Health at all Costs: The 3 Best Zinc Sources at Every Price


We are pounding down our fair share of green juice, adding oil of oregano to our tea, and getting plenty of sleep this winter season. All this in all-out effort to keep our bodies in tip-top shape, staying committed to a healthy and flu-free existence. That means taking all the necessary measures, including a boost to our zinc levels. Zinc is a mineral that's crucial to a healthy immune system. While less familiar than vitamin C and vitamin D, even a mild deficiency of zinc can have far-reaching health implications. In less than four weeks, a deficiency in zinc can compromise immunity, leaving the body susceptible to any invading pathogen including infections from the flu, pneumonia and bronchitis. Zinc affects multiple aspects of the immune system, from the barrier of the skin to gene regulation within the immune cells. Zinc is critical for the normal development and functioning of immune cells, initiating the death of any disease-causing agents while protecting tissues against damage. Zinc deficiency is not that uncommon and is something to be mindful of. Infections, pregnancy or breastfeeding, anemia, grain-heavy diets, use of antacids, stress and steroid medications are just a few factors that create a relative deficiency. Gastrointestinal problems such as IBS, Celiac, Crohn's or other inflammatory bowel disorders can also cause a deficiency. They impair the ability of the body to absorb zinc from foods, so supplementation is needed. Boosting your zinc levels will not only help keep superhuman immunity, but zinc is also essential for healthy sperm and prostate, reproduction, acne-free skin, collagen formation, liver detox, night vision and a good sense of taste and appetite.

High: Zinc Supplement


When diet is not adequate for meeting daily requirements, or if conditions are present that lead to deficiency, consider using a zinc supplement. Look for zinc citrate, zinc acetate, or zinc picolinate. These forms are believed to be the most easily absorbed - unlike zinc sulfate. Note: When taking zinc long-term it is advisable to take 1 mg to 3 mg of copper daily as well, because zinc supplements can cause copper deficiency. Great food sources of copper are sesame seeds, tahini and raw cashews.

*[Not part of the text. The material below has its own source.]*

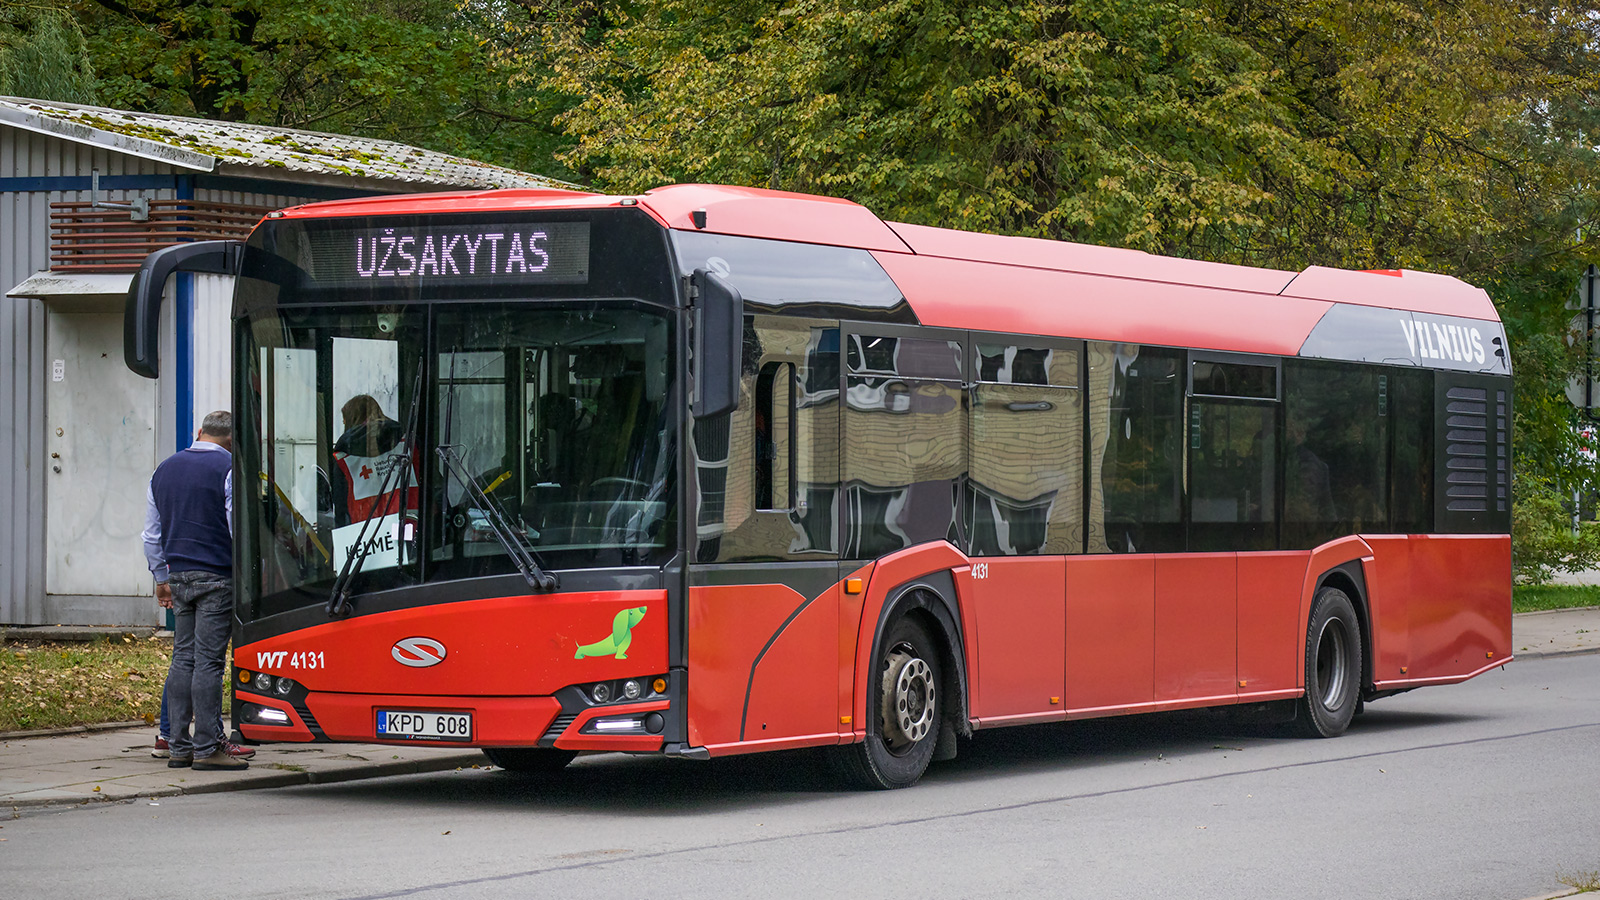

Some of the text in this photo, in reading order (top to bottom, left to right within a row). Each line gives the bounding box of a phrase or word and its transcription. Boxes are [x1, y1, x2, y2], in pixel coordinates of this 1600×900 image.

Midpoint: Grass-fed Beef or Lamb


Grass-fed beef or lamb are excellent food sources of zinc, and have higher concentrations than their conventionally raised alternatives. Both beef and lamb are absent of any compounds that inhibit zinc's absorption, making their bioavailability quite high. Grass-fed beef and lamb also rich in sulfur-containing amino acids (cysteine and methionine), which help to quickly raise zinc levels in the body.

Low: Sprouted Pumpkin Seeds or Pumpkin seed Butter If you are vegan or vegetarian, pumpkin seeds will be your best food source for zinc. The only issue is that the zinc is less bioavailable than grass-fed beef or lamb. Pumpkin seeds and other plant-based proteins have a high content of phytic acid, a compound that inhibits zinc absorption. Soaking and sprouting the seeds reduces the phytic acid content, so make sure to add this process in before eating.